Mientras sigues aspirando, el tabaco está asentándose en tu interior, impregnándose en tu cuerpo, colorea tus dientes. Este es el precio a pagar por tu deseo de tener una pronta libertad, una dosificada libertad. La nicotina se asienta en tu sangre, en tu órganos, volviéndose tuya, volviéndote ella.
El calor va desapareciendo al papel blanco, en donde el tabaco solía estar atrapado, lo va consumiendo, puedes escuchar cómo se va quemando, puedes ver como arde. El color de la colilla ha cambiado a un tono amarillento, casi café, todavía sobran unas cuantas aspiraciones más, antes de que ese pequeño objeto deje de ser una pieza fundamental en tu pensamiento y el modificador de tus acciones cotidianas.
El humo ha molestado a todos. No importa, ya casi terminas.

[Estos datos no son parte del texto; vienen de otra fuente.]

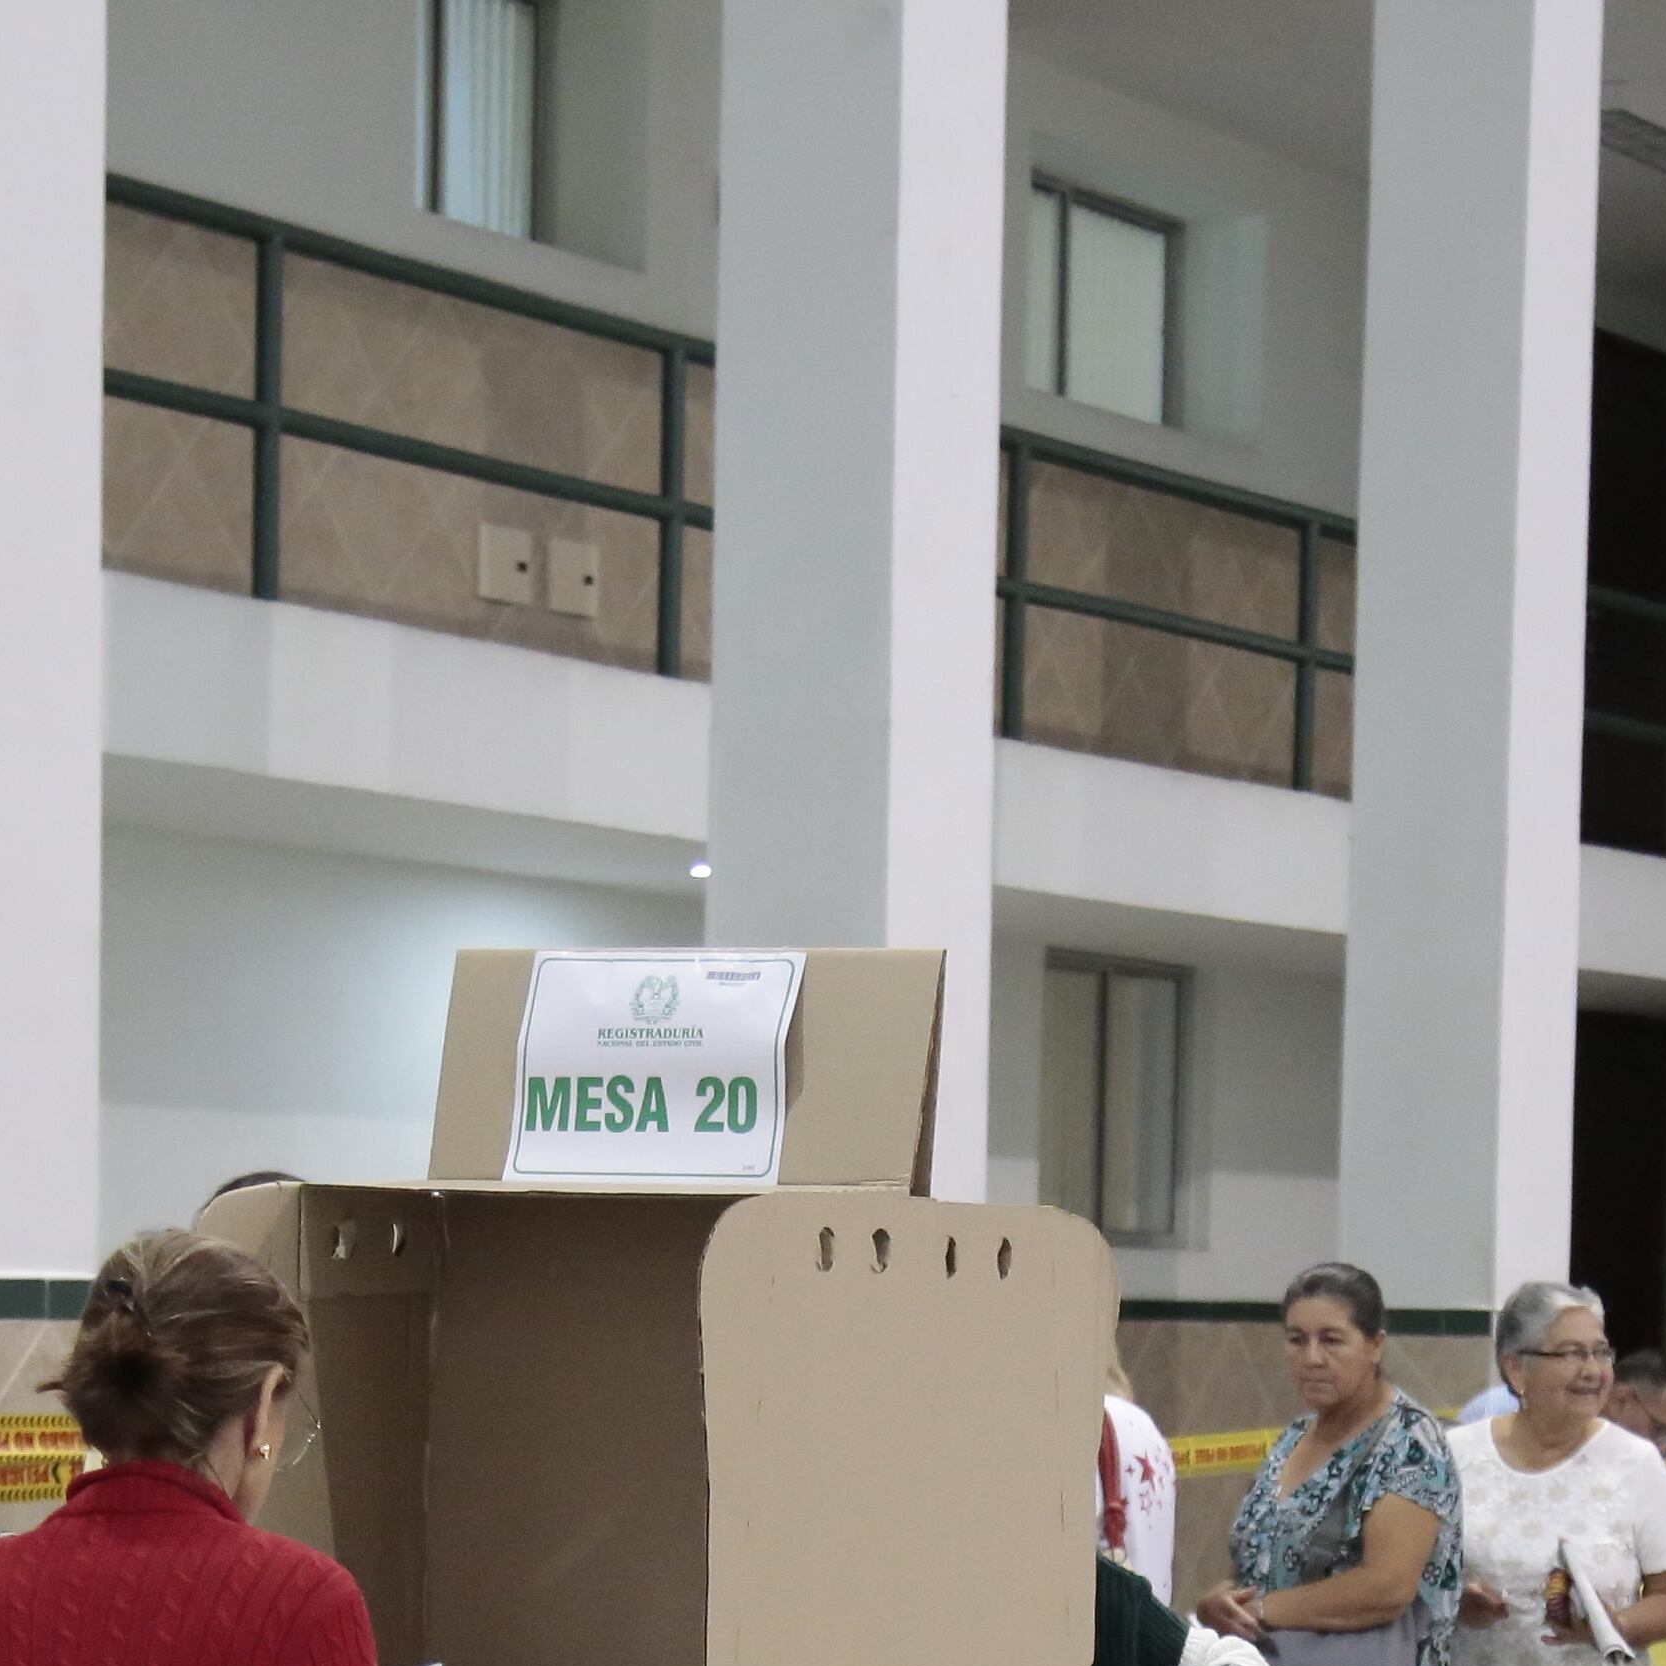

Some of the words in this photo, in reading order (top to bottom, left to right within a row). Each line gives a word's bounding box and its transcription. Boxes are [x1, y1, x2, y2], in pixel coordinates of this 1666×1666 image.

[597, 1025, 704, 1039] REGISTRADURÍA
[525, 1075, 669, 1133] MESA
[694, 1076, 758, 1134] 20
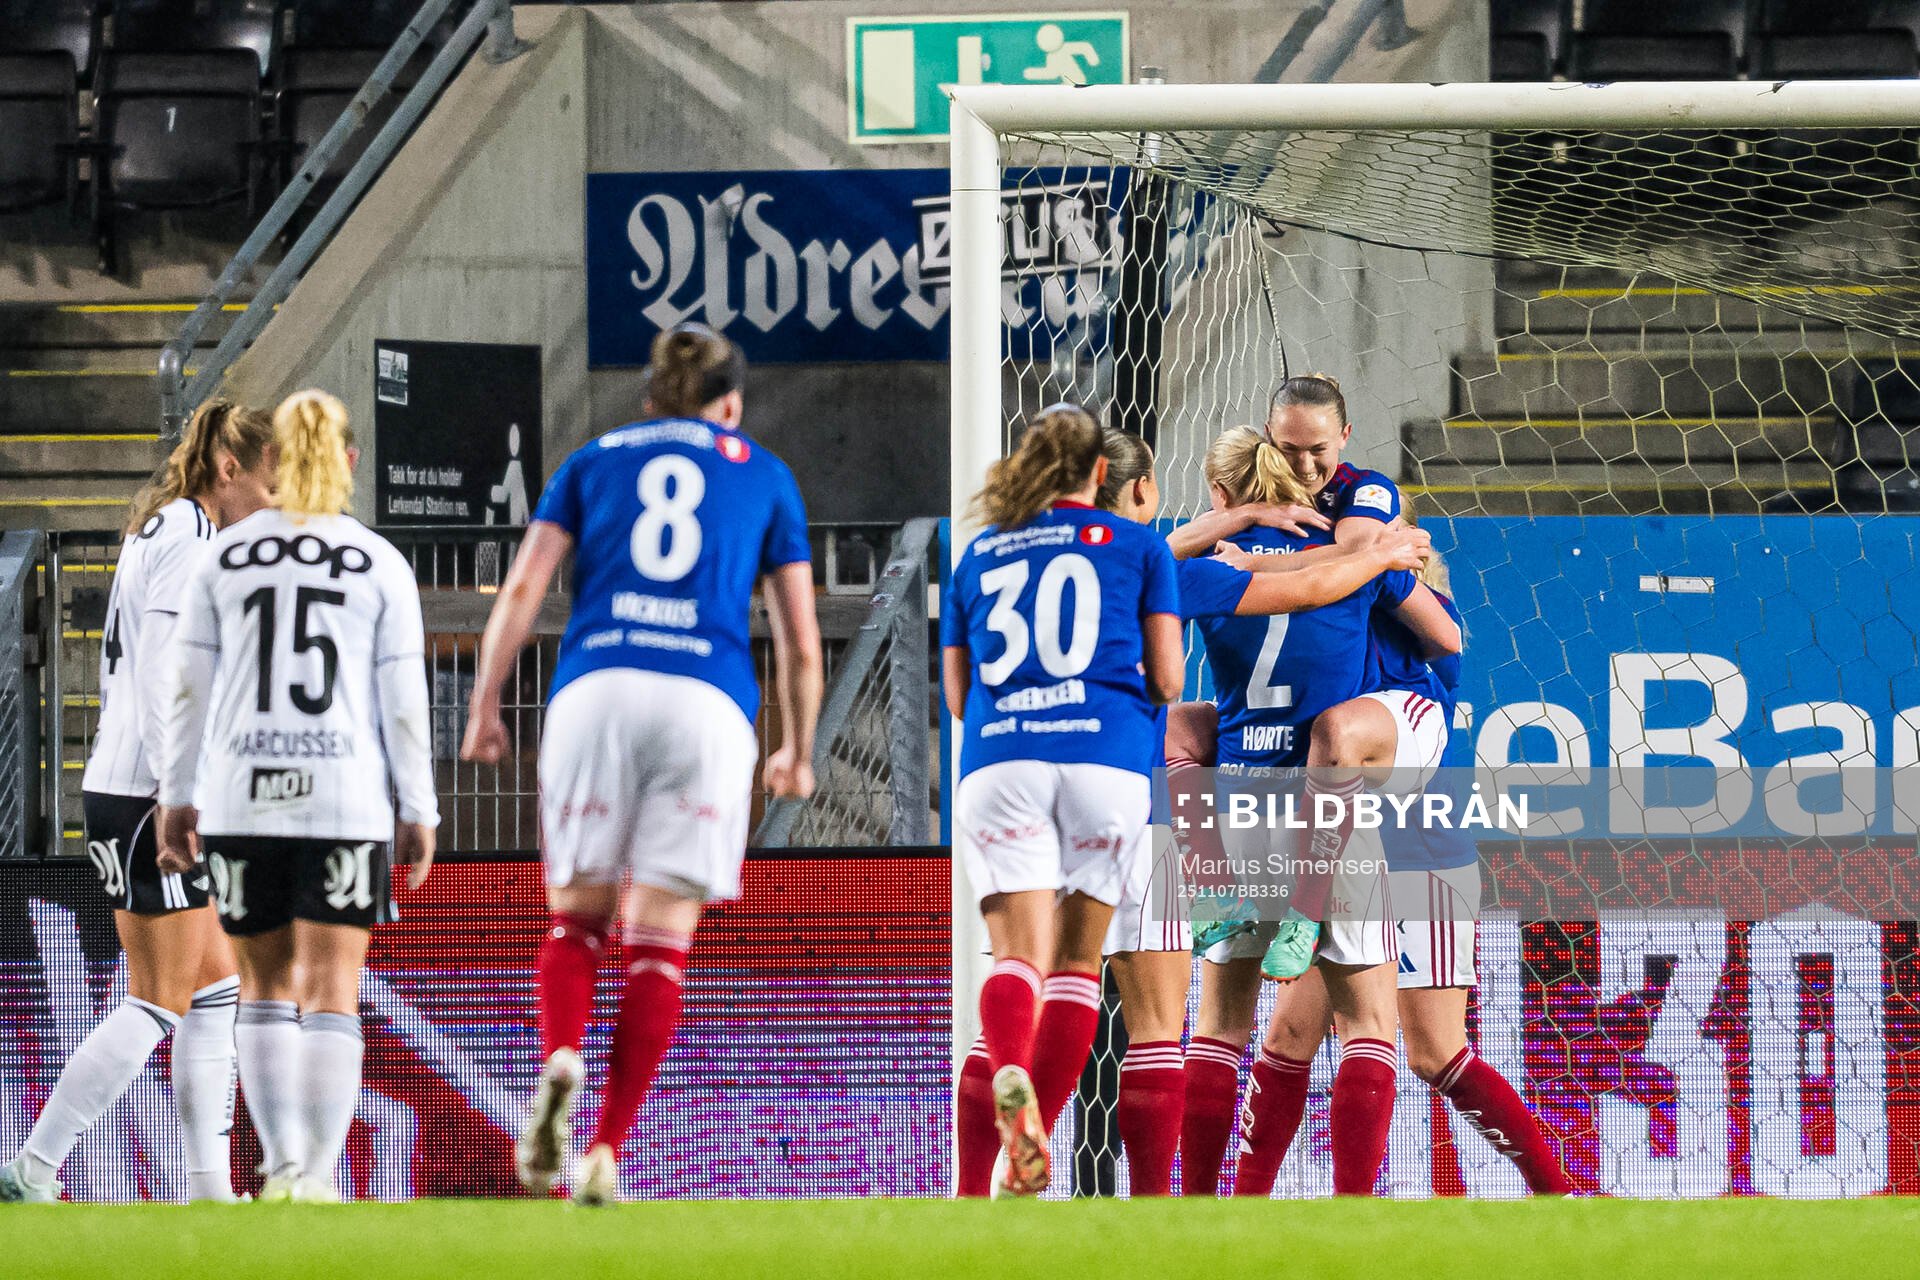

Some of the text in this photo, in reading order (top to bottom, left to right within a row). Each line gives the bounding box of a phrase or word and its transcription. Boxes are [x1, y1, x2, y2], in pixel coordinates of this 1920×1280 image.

[388, 465, 406, 484] Takk
[407, 465, 417, 485] for
[388, 494, 424, 515] Lerkendal
[426, 496, 454, 516] Stadion
[630, 453, 706, 582] 8
[220, 535, 371, 578] coop
[979, 552, 1100, 686] 30
[243, 586, 346, 716] 15
[1242, 726, 1294, 751] HØRTE
[1218, 762, 1245, 777] mot
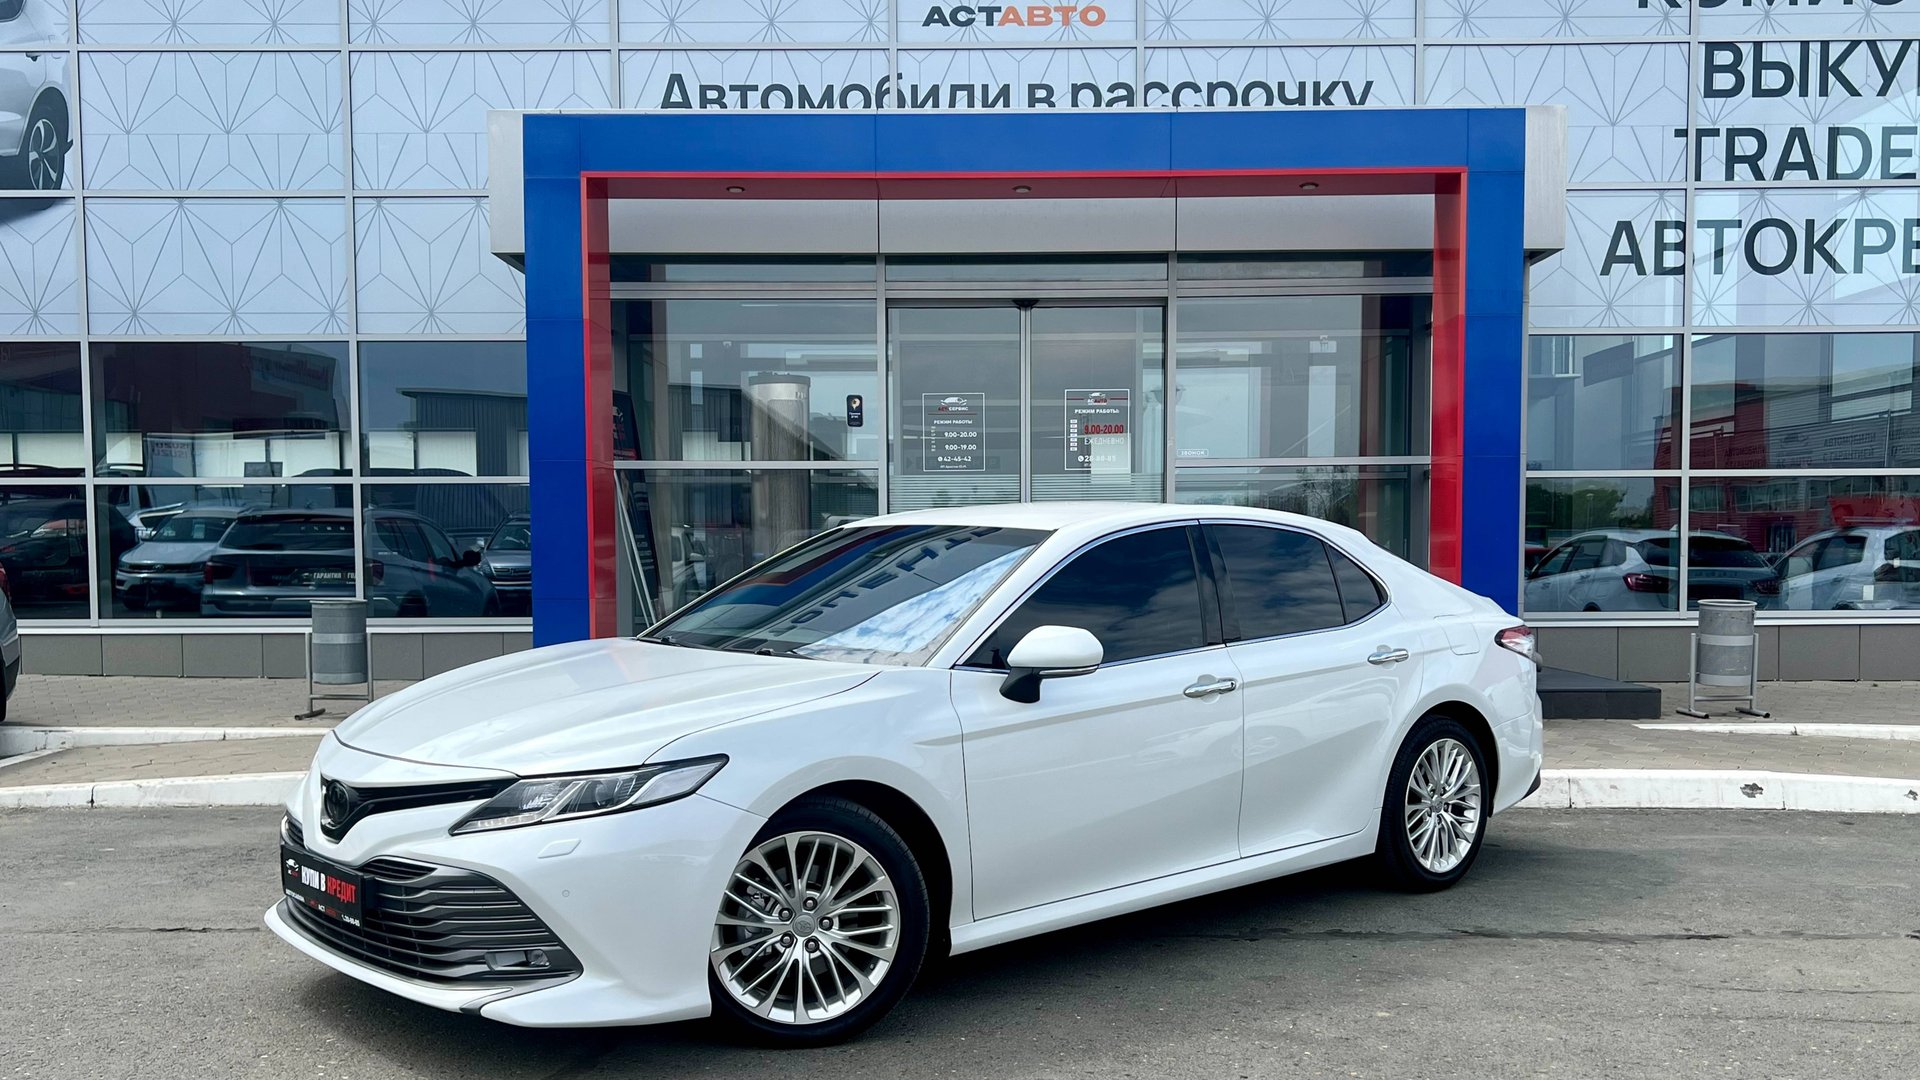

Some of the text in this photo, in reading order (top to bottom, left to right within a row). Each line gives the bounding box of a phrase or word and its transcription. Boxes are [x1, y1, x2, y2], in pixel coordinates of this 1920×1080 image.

[922, 5, 1106, 27] АСТАВТО
[1703, 42, 1920, 98] ВЫКУ
[1084, 424, 1124, 434] 9.00-20.00
[320, 872, 326, 892] В
[327, 875, 357, 903] КРЕДИТ

Aspiras dos veces seguidas, tus últimas dos veces, lo haces rápido y con fuerza, con desesperación; incluso modificas tu gesto, frunces toda la cara, tus cejas se acercan a la nariz los ojos se cierran momentáneamente, los labios aprietan un poco más. Estas últimas bocanadas son como un respiro final antes de entrar al agua, un respiro que te ayudaría a sobrevivir, pero ahora aspiras para aferrarte y estar seguro de tu muerte. Todos tus dedos se unen, se despiden de tu Marlboro, lo aprietan pues es la última vez que lo tocarán. Tu brazo se estira un poco y encuentra un lugar para aplastarlo en contra de una superficie que ayuda a desvanecer al agonizante calor, que continúa en el extremote tu ahora, diminuto cilindro. Un poco de humo sale y se despide de ti, ese nunca entró para conocerte bien profundamente. La uña del índice y la yema de tu pulgar presionan al cigarrillo muerto, que ahora es sólo una sucia colilla, hacen fuerza y lo lanzan con un rumbo desconocido. Él vuela hacia la izquierda, a unos cuantos metros, pero tú ya no lo observas.
Saludas a alguien y charlas. A la izquierda un tacón suena, va caminando hasta tu salón, pisando a tu amor olvidado, al extinto. Será reemplazado después, con uno nuevo, luego que los tacones dejen de dar su clase.